Material supplied section start
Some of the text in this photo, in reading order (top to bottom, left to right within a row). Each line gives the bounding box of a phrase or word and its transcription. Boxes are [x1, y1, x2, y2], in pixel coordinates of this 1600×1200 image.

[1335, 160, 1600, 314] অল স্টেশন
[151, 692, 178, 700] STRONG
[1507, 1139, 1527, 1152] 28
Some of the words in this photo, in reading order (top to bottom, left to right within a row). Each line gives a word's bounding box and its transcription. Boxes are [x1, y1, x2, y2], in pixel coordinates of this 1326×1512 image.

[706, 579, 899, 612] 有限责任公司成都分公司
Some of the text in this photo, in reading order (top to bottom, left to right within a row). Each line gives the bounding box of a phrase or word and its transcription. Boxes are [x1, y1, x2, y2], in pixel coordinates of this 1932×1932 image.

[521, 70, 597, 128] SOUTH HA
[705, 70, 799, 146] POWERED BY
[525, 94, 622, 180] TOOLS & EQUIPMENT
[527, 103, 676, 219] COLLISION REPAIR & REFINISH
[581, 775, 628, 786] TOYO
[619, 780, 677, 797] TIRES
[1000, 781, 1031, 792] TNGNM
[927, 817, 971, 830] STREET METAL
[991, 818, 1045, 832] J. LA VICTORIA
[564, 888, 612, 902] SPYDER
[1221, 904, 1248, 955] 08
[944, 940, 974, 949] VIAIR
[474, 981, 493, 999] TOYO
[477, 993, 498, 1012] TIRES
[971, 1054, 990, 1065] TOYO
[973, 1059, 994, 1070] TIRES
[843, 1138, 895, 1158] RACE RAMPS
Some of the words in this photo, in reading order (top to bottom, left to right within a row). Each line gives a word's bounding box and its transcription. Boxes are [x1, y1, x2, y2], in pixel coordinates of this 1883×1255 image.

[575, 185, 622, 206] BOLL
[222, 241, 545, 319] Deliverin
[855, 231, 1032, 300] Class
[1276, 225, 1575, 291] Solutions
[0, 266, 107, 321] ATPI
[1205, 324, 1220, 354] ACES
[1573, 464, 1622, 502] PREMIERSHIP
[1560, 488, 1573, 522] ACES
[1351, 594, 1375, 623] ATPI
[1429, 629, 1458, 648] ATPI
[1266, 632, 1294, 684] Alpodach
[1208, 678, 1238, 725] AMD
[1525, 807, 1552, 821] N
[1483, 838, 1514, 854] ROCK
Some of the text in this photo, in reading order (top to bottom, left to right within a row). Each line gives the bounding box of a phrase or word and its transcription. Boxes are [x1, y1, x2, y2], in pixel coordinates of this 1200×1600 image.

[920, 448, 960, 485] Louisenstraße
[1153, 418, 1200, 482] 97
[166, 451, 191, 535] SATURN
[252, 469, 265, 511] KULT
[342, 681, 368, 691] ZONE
Material supplied section end
_What is needed:_ Write out, exactly as given, the line containing "this 1932×1932 image." and every line after it to the end of the records. Include nothing else.

_Written solution:_
Some of the text in this photo, in reading order (top to bottom, left to right within a row). Each line gives the bounding box of a phrase or word and its transcription. Boxes are [x1, y1, x2, y2], in pixel coordinates of this 1932×1932 image.

[521, 70, 597, 128] SOUTH HA
[705, 70, 799, 146] POWERED BY
[525, 94, 622, 180] TOOLS & EQUIPMENT
[527, 103, 676, 219] COLLISION REPAIR & REFINISH
[581, 775, 628, 786] TOYO
[619, 780, 677, 797] TIRES
[1000, 781, 1031, 792] TNGNM
[927, 817, 971, 830] STREET METAL
[991, 818, 1045, 832] J. LA VICTORIA
[564, 888, 612, 902] SPYDER
[1221, 904, 1248, 955] 08
[944, 940, 974, 949] VIAIR
[474, 981, 493, 999] TOYO
[477, 993, 498, 1012] TIRES
[971, 1054, 990, 1065] TOYO
[973, 1059, 994, 1070] TIRES
[843, 1138, 895, 1158] RACE RAMPS
Some of the words in this photo, in reading order (top to bottom, left to right within a row). Each line gives a word's bounding box and its transcription. Boxes are [x1, y1, x2, y2], in pixel coordinates of this 1883×1255 image.

[575, 185, 622, 206] BOLL
[222, 241, 545, 319] Deliverin
[855, 231, 1032, 300] Class
[1276, 225, 1575, 291] Solutions
[0, 266, 107, 321] ATPI
[1205, 324, 1220, 354] ACES
[1573, 464, 1622, 502] PREMIERSHIP
[1560, 488, 1573, 522] ACES
[1351, 594, 1375, 623] ATPI
[1429, 629, 1458, 648] ATPI
[1266, 632, 1294, 684] Alpodach
[1208, 678, 1238, 725] AMD
[1525, 807, 1552, 821] N
[1483, 838, 1514, 854] ROCK
Some of the text in this photo, in reading order (top to bottom, left to right within a row). Each line gives the bounding box of a phrase or word and its transcription. Boxes are [x1, y1, x2, y2], in pixel coordinates of this 1200×1600 image.

[920, 448, 960, 485] Louisenstraße
[1153, 418, 1200, 482] 97
[166, 451, 191, 535] SATURN
[252, 469, 265, 511] KULT
[342, 681, 368, 691] ZONE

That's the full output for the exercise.